As I stood in line at the supermarket, I realized I hadn’t made or consumed Kool-Aid since leaving home to go to college. Prior to that, I must have drunk hundreds of millions of gallons during a childhood that straddled the 1970s and 1980s.

Ours was not a progressive household where food was concerned. My mother thought whole wheat bread was un-American and my father refused to eat it. He still does. We had dinner with the kitchen television on. All our vegetables–such as there were–came from cans. My school lunches always included a gooey, unnatural cake of some kind from Hostess, and on fancy days the standard entrée of a peanut butter sandwich was replaced by the ultimate culinary luxury–a thermos full of Spaghetti-Os.

We were not, in short, the sort of family in which one turned up one’s nose at Kool-Aid. We drank it by the gallon. It was the first thing I ever made in the kitchen, and there was a violently orange Tupperware pitcher devoted to it. It was the only beverage to which we children had free access, the only thing we could take from the fridge without permission. Thirsty? Drink some Kool-Aid. Drink as much Kool-Aid as you want, was my mother’s policy–just please stay outside during all daylight hours and don’t bother me unless somebody is broken or bleeding.

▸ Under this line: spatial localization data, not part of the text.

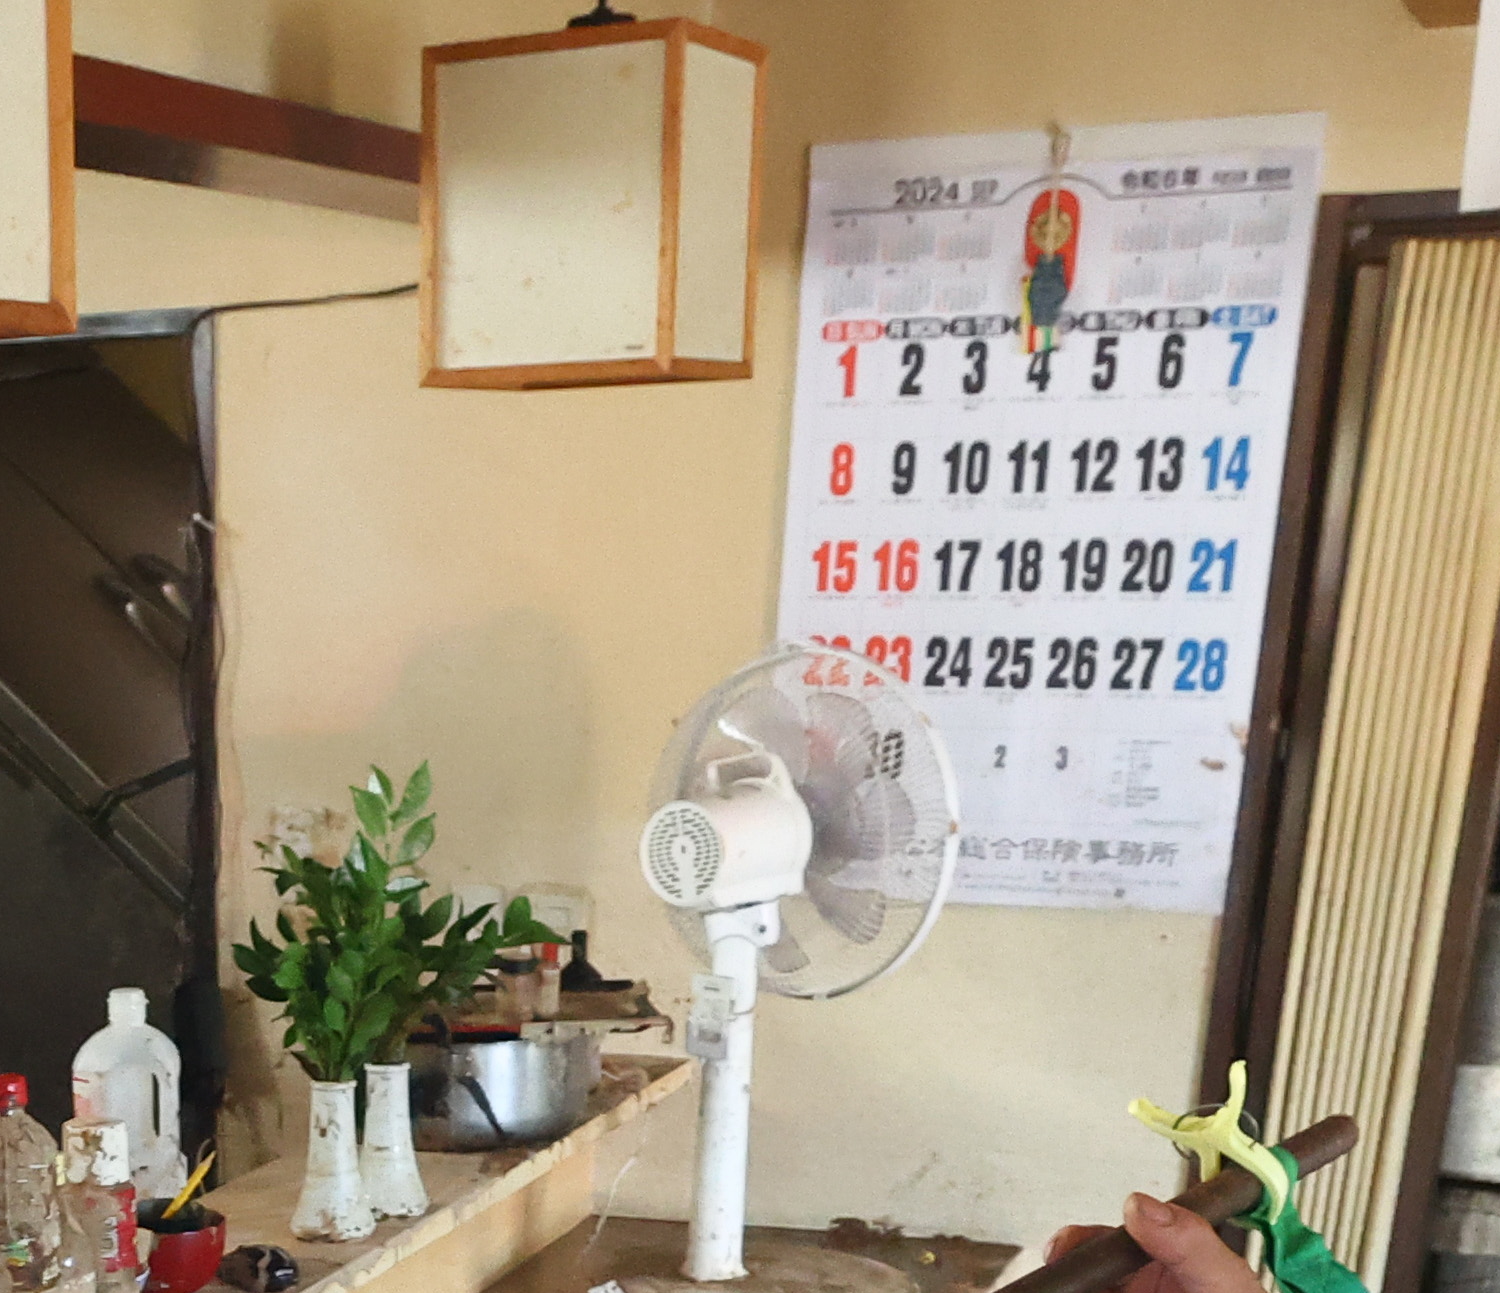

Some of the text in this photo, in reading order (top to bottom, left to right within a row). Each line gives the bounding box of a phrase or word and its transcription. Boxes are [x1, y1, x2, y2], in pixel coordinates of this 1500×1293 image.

[838, 346, 858, 397] 1
[900, 344, 924, 395] 2
[963, 341, 986, 394] 3
[1092, 337, 1117, 390] 5
[1159, 334, 1185, 388] 6
[1230, 332, 1253, 386] 7
[830, 437, 1251, 496] 8 9 10 11 12 13 14
[813, 540, 1236, 593] 15 16 17 18 19 20 21
[924, 637, 972, 687] 24
[985, 638, 1034, 689] 25
[1046, 638, 1097, 689] 26
[1110, 639, 1163, 689] 27
[1175, 639, 1227, 691] 28
[993, 744, 1007, 769] 2
[1055, 745, 1070, 770] 3
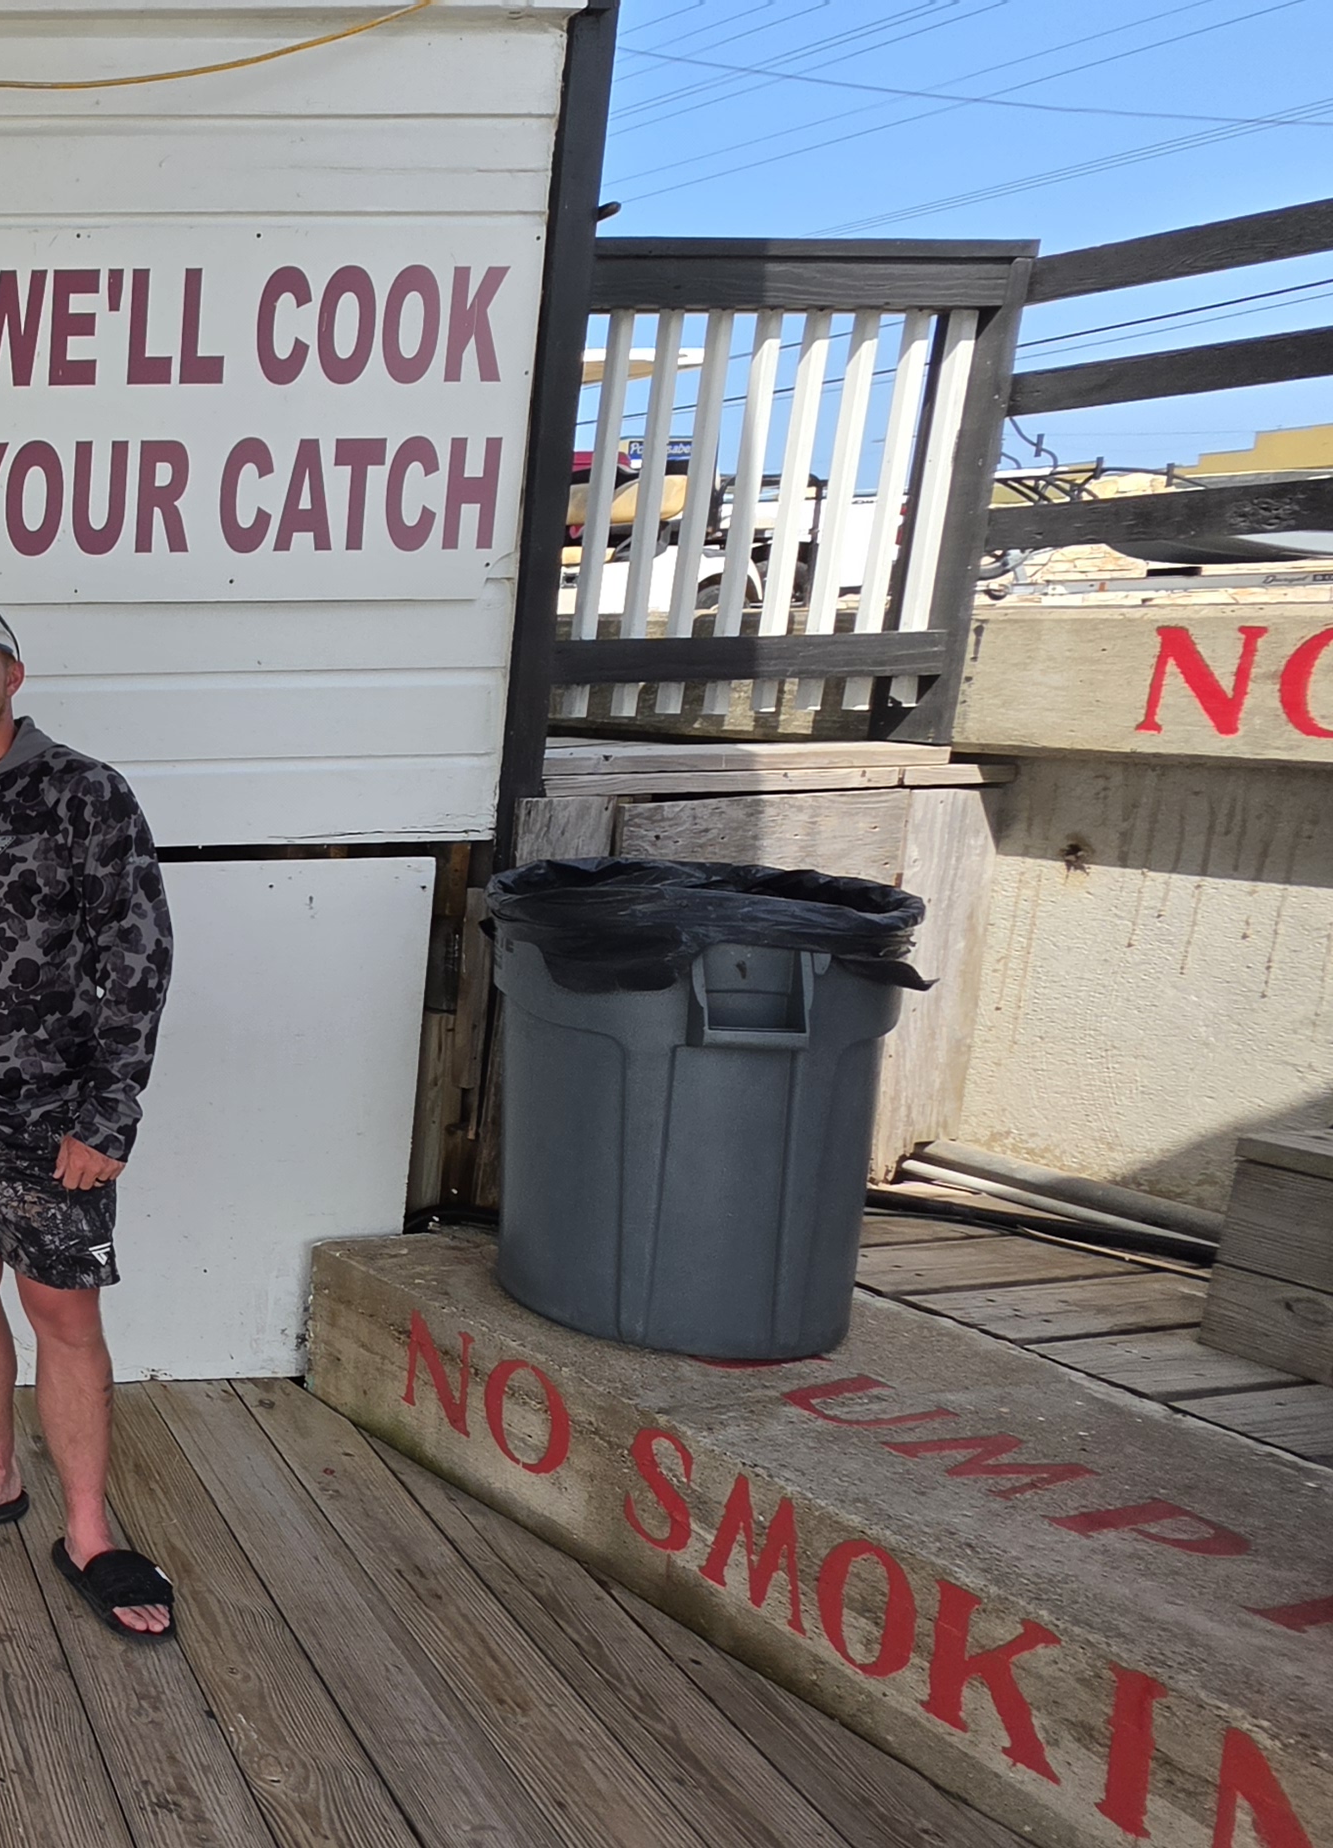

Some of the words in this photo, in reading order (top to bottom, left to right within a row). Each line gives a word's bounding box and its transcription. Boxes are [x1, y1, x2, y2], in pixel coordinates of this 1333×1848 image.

[256, 264, 511, 385] COOK
[219, 435, 504, 553] CATCH
[401, 1310, 571, 1475] NO

This may shock younger readers. I hasten to reassure them that my mother was not uncaring or unfeeling–quite the opposite. This is just how it used to be in America, especially during the summer. Every house in our neighborhood had a Kool-Aid pitcher, and every house had a mother who wanted to be left alone from June to September.

Out of loyalty to my longtime favorite flavor, I bought two packs of Orange. I always preferred Orange. Grape was a distant second. Fruit Punch was tolerated but never loved; to me it tasted like birthday parties. The more exotic options like Lime and Apple weren’t even on my radar. I didn’t know anyone who drank those. Maybe people who ate whole wheat bread.

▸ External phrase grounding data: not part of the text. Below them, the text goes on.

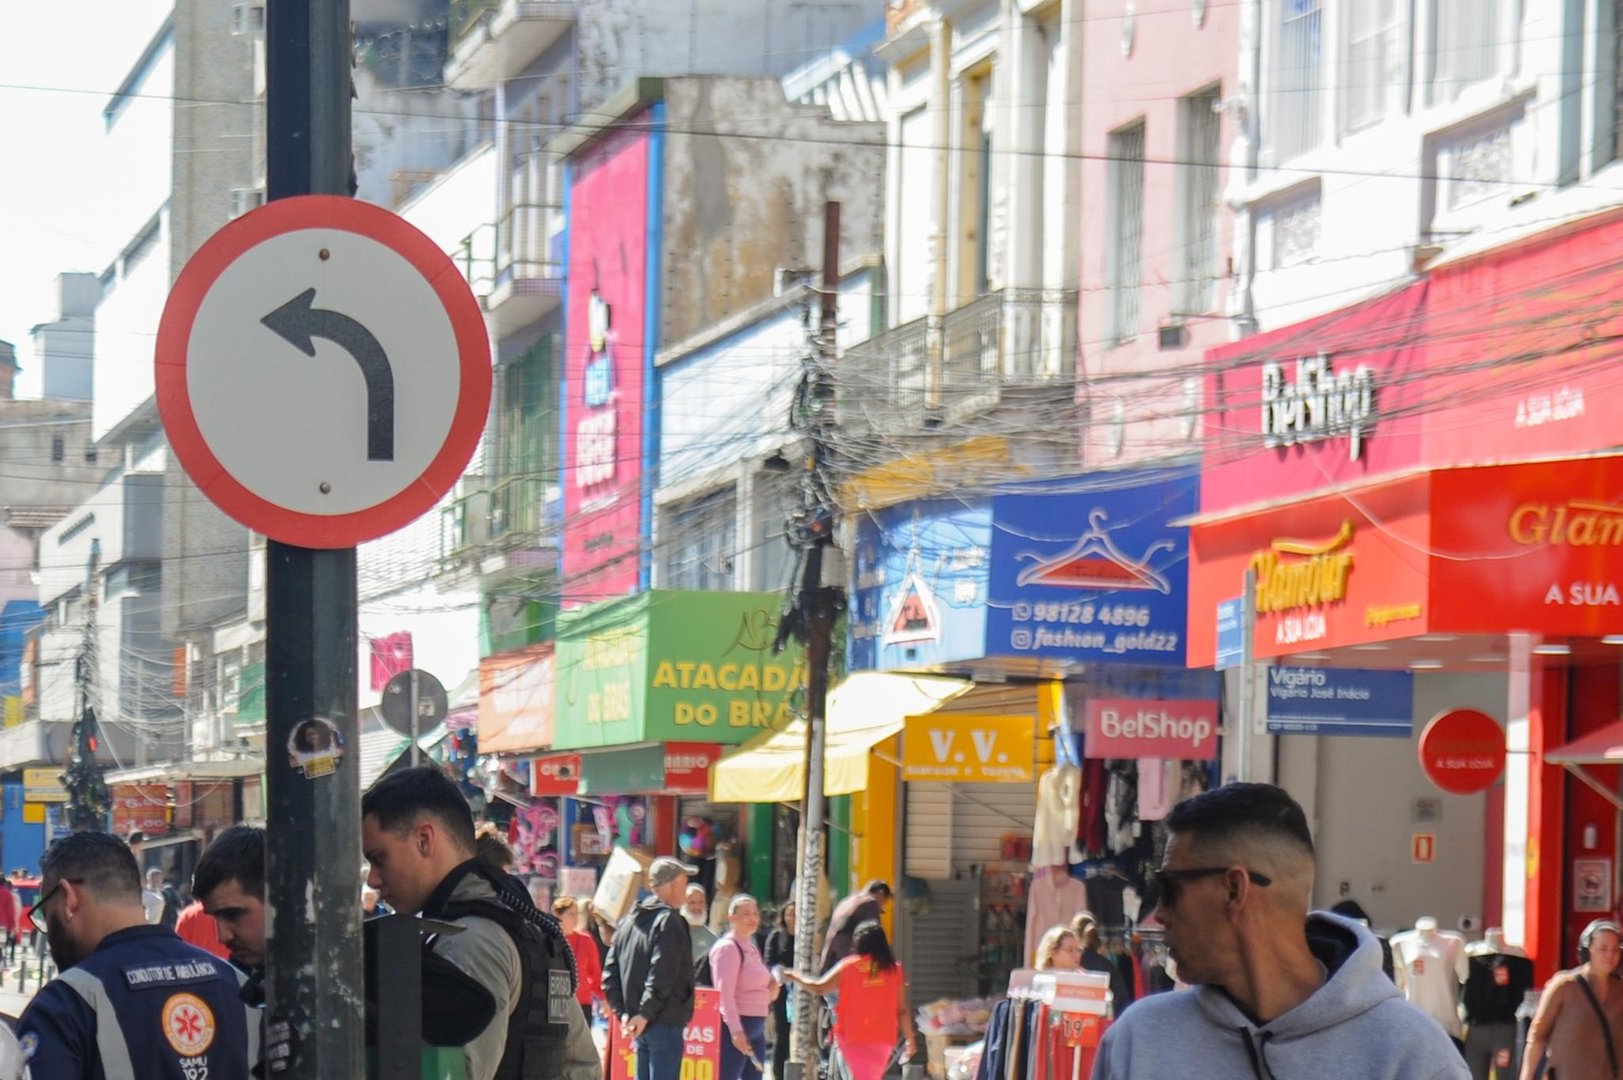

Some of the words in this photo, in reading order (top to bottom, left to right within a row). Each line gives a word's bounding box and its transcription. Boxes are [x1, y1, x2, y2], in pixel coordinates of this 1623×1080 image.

[1543, 582, 1564, 605] A
[1569, 581, 1621, 606] SUA
[1033, 601, 1095, 624] 98128
[1097, 604, 1150, 627] 4896
[1271, 668, 1326, 689] Vigário
[674, 702, 718, 726] DO
[1100, 708, 1211, 748] BelShop
[179, 1056, 208, 1069] SAMU
[686, 1045, 704, 1056] DE

Enough about drinking Kool-Aid. How do you dye with it?

Kool Aid Dyeing: A Brief and Inexpert Guide

First, if your yarn is brand new, I’d give it a wash. Nothing fancy, just wash the skein–following the manufacturer’s guidelines for fiber content–with a little soap. Then rinse out absolutely all the soap. Your water should run clear.

Then soak the yarn in clean water while you prepare your dye pot.

If you are going to work with “real” chemical dyes, that’s a big undertaking and among many other precautions, you need to use pots and spoons dedicated solely to dyeing.

With Kool-Aid, however, just grab a deepish pot that looks like it will comfortably hold your yarn.

(You can do Kool-Aid dyeing in the microwave, but my microwave is on the blink and so I’m only going to talk about the stove top.)

Dump your Kool-Aid powder into the pot. The general principle, which is not difficult to grasp, is that more powder gives deeper color. There’s a practical limit, though, so don’t go nuts. That’s all I got for you. If you’d like an extended treatise on the subject, I refer you to this splendid article from Knitty.

Pour in some water–don’t fill the pot–and stir until the powder dissolves.

Put in your yarn.

Add enough water to cover the yarn.

Put the pot over the flame and heat it until the water is just shy of boiling. Then turn off the flame, cover the pot, and let it sit for a good half hour. Stir it from time to time, if you can remember. I forgot.

In a half hour, maybe a bit more, you should hope to see that the water is clear–that means your yarn has absorbed the dye.

If the water isn’t clear, try heating up the pot again, and letting the yarn sit until the water cools.

Then rinse the yarn thoroughly and let it dry. Use warm water to rinse, as shocking hot wool with cold water may encourage felting.

I was deeply alarmed to see that when removed from the bath, my yarn was a dead ringer for Cheetohs. I hate Cheetohs.

Oh, dear.

Kinky is knit into a tight strip, which inevitably prevents dye from reaching every spot on the strand equally. So I hoped the lurid glow of the exterior fiber would probably be moderated by some paleness in the interior.

I wound my Kinky into a hank on my niddy noddy so that it would dry more quickly…

…and then hung the tied hank in the shower to let it dry.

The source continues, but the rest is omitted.